Problem description: Copy the records exactly. Include every line.

(Excerpted records)

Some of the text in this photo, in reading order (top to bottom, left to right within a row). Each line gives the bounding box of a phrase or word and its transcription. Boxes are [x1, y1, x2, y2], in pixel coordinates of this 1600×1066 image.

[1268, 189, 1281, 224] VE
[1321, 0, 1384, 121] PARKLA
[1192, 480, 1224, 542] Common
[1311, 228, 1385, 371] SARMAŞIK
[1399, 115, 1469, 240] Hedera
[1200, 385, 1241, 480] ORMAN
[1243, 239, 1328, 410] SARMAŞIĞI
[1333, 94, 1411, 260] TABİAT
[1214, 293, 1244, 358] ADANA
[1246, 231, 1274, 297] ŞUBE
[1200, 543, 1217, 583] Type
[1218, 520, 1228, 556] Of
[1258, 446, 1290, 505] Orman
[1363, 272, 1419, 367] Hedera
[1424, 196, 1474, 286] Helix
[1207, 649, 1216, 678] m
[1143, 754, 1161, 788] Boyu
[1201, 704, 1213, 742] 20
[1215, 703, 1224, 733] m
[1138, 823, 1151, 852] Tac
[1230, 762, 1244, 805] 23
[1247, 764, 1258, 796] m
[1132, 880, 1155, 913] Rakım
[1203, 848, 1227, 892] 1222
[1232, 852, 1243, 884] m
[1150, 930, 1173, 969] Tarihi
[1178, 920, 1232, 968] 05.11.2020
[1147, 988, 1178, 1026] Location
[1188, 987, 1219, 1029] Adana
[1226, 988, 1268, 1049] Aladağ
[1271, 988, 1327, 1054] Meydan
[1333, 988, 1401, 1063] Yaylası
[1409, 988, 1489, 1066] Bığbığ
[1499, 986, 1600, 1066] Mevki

(End Excerpted records)

Answer box:
Some of the text in this photo, in reading order (top to bottom, left to right within a row). Each line gives the bounding box of a phrase or word and its transcription. Boxes are [x1, y1, x2, y2], in pixel coordinates of this 1600×1066 image.

[1268, 189, 1281, 224] VE
[1321, 0, 1384, 121] PARKLA
[1192, 480, 1224, 542] Common
[1311, 228, 1385, 371] SARMAŞIK
[1399, 115, 1469, 240] Hedera
[1200, 385, 1241, 480] ORMAN
[1243, 239, 1328, 410] SARMAŞIĞI
[1333, 94, 1411, 260] TABİAT
[1214, 293, 1244, 358] ADANA
[1246, 231, 1274, 297] ŞUBE
[1200, 543, 1217, 583] Type
[1218, 520, 1228, 556] Of
[1258, 446, 1290, 505] Orman
[1363, 272, 1419, 367] Hedera
[1424, 196, 1474, 286] Helix
[1207, 649, 1216, 678] m
[1143, 754, 1161, 788] Boyu
[1201, 704, 1213, 742] 20
[1215, 703, 1224, 733] m
[1138, 823, 1151, 852] Tac
[1230, 762, 1244, 805] 23
[1247, 764, 1258, 796] m
[1132, 880, 1155, 913] Rakım
[1203, 848, 1227, 892] 1222
[1232, 852, 1243, 884] m
[1150, 930, 1173, 969] Tarihi
[1178, 920, 1232, 968] 05.11.2020
[1147, 988, 1178, 1026] Location
[1188, 987, 1219, 1029] Adana
[1226, 988, 1268, 1049] Aladağ
[1271, 988, 1327, 1054] Meydan
[1333, 988, 1401, 1063] Yaylası
[1409, 988, 1489, 1066] Bığbığ
[1499, 986, 1600, 1066] Mevki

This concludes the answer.